Abstract: The earliest sign of neurotoxicity observed after exposure of three-dimensional brain cell cultures to low concentrations of mercury compounds is a microglial reaction. We hypothesized that an induction of apoptosis by mercury compounds could be an activating signal of the microglial reaction. Aggregating brain cell cultures of fetal rat telencephalon were treated for 10 days with either mercury chloride or monomethylmercury chloride at noncytotoxic concentrations during two developmental periods: from day 5 to 15, corresponding to an immature stage, and from day 25 to 35 corresponding to a mature stage. Apoptosis was evaluated by the TUNEL technique. It was found that both mercury compounds caused a significant increase in the number of apoptotic cells, but exclusively in immature cultures exhibiting also spontaneous apoptosis. Double staining by the TUNEL technique combined with either neuronal or astroglial markers revealed that the proportion of cells undergoing apoptosis was highest for astrocytes. Furthermore neither an association nor a colocalization was found between apoptotic cells and microglial cells.
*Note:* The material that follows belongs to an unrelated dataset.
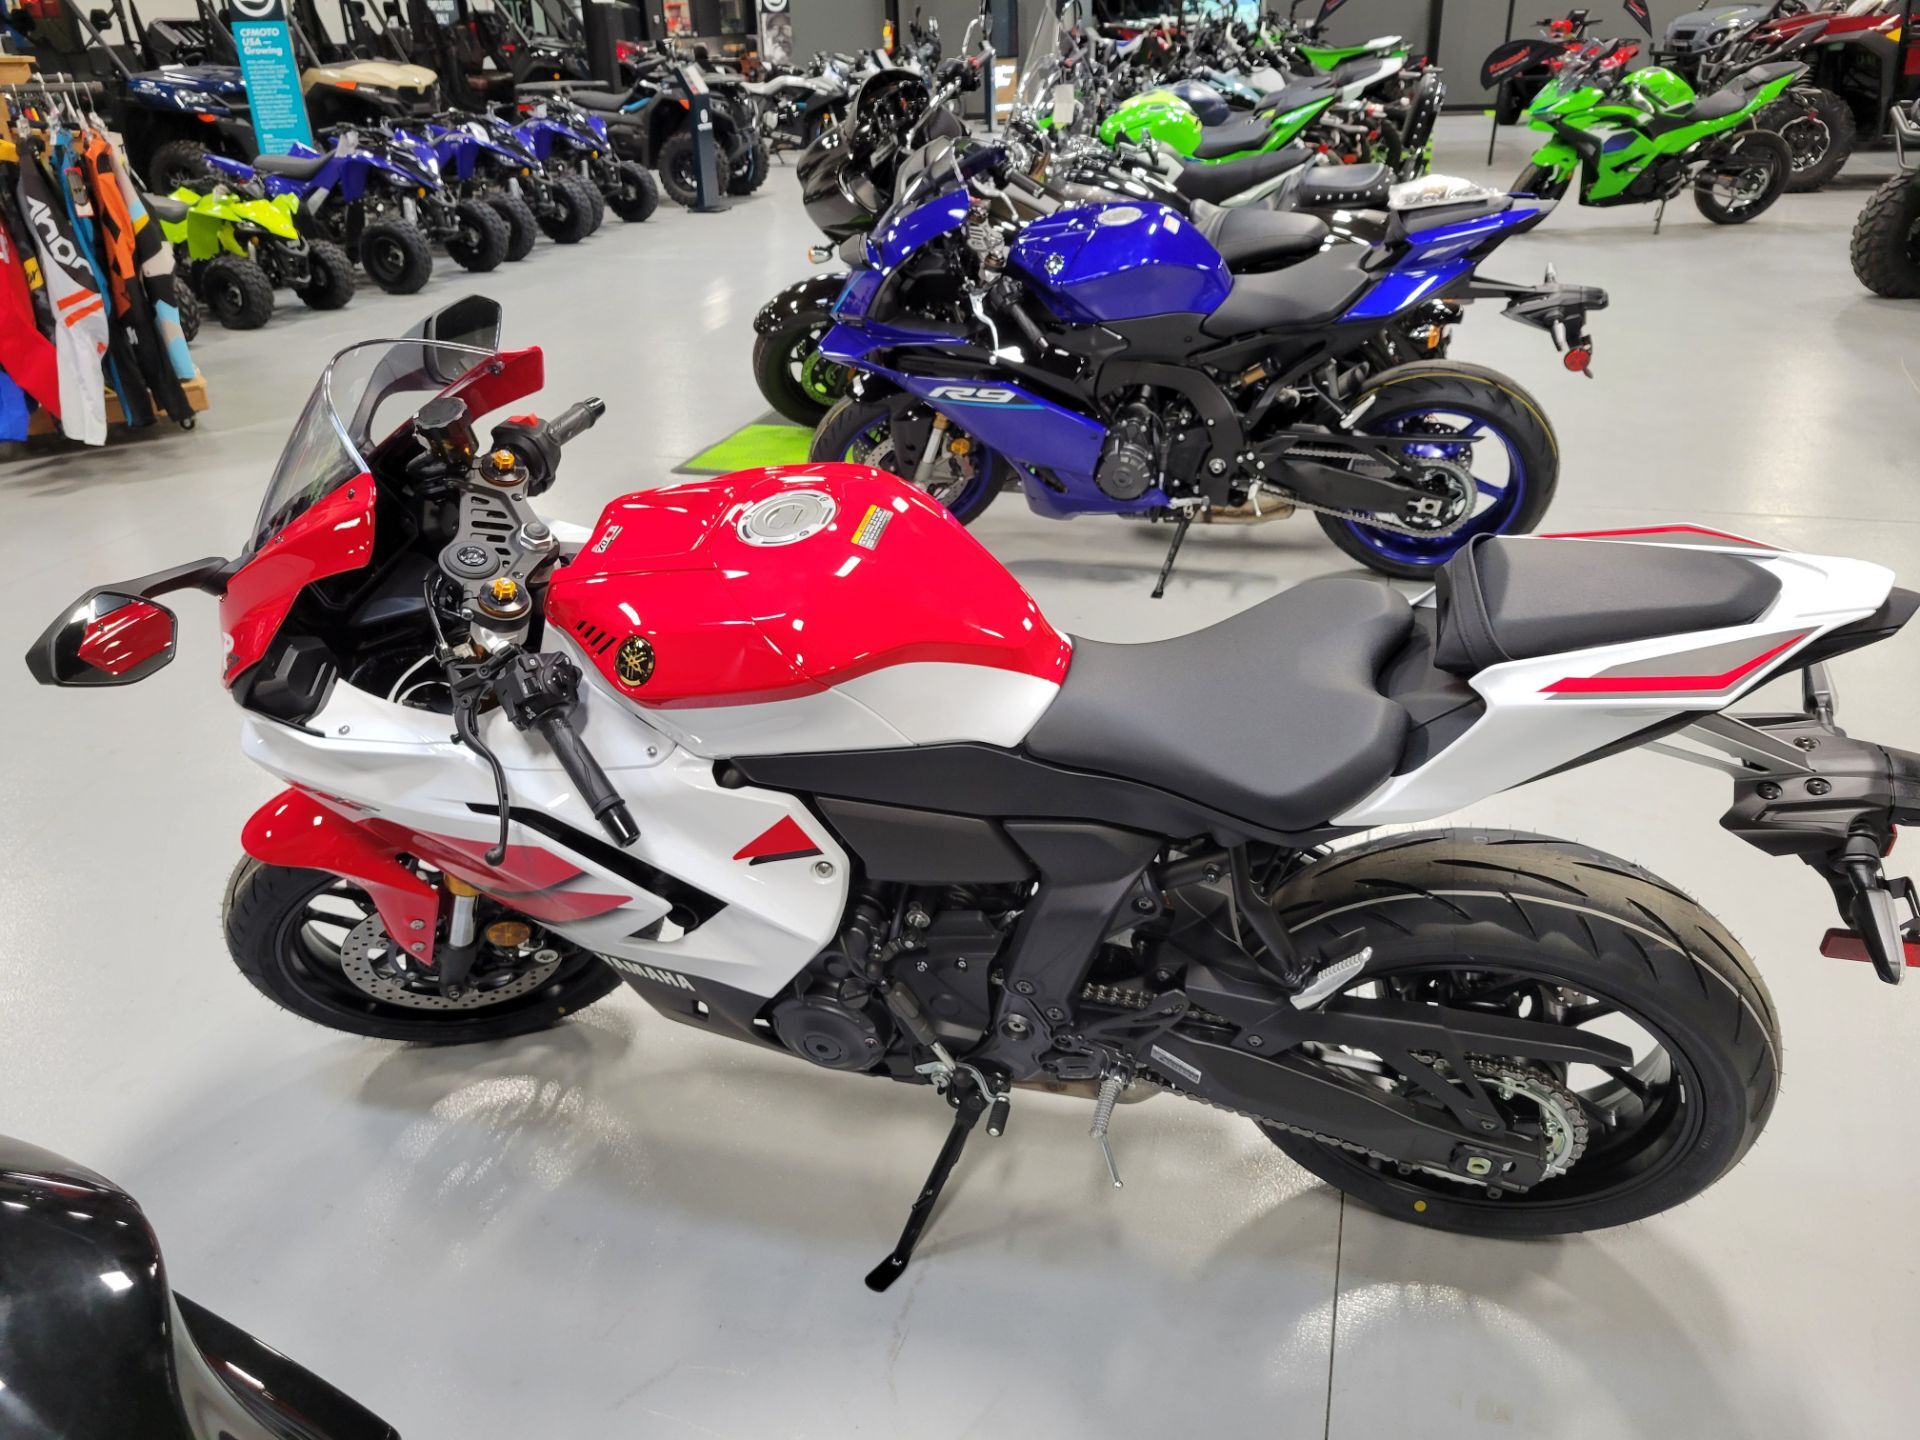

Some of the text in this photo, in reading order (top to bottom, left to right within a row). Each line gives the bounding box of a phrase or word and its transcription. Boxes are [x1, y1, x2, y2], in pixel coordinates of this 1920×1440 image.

In conclusion, it appears that the induction of apoptosis by mercury compounds in immature cells is only an acceleration of a spontaneously occuring process, and that it is not a directly related to the early microglial reaction. J. Neurosci. Res. 53:361–367, 1998. © 1998 Wiley-Liss, Inc.

40 citations


"Mercury in dental-filling materials..." refers background in this paper

  • ...Monnet-Tschudi (1998) studied the incidence of apoptosis (programmed natural cell death) in cultures of foetal rat brain....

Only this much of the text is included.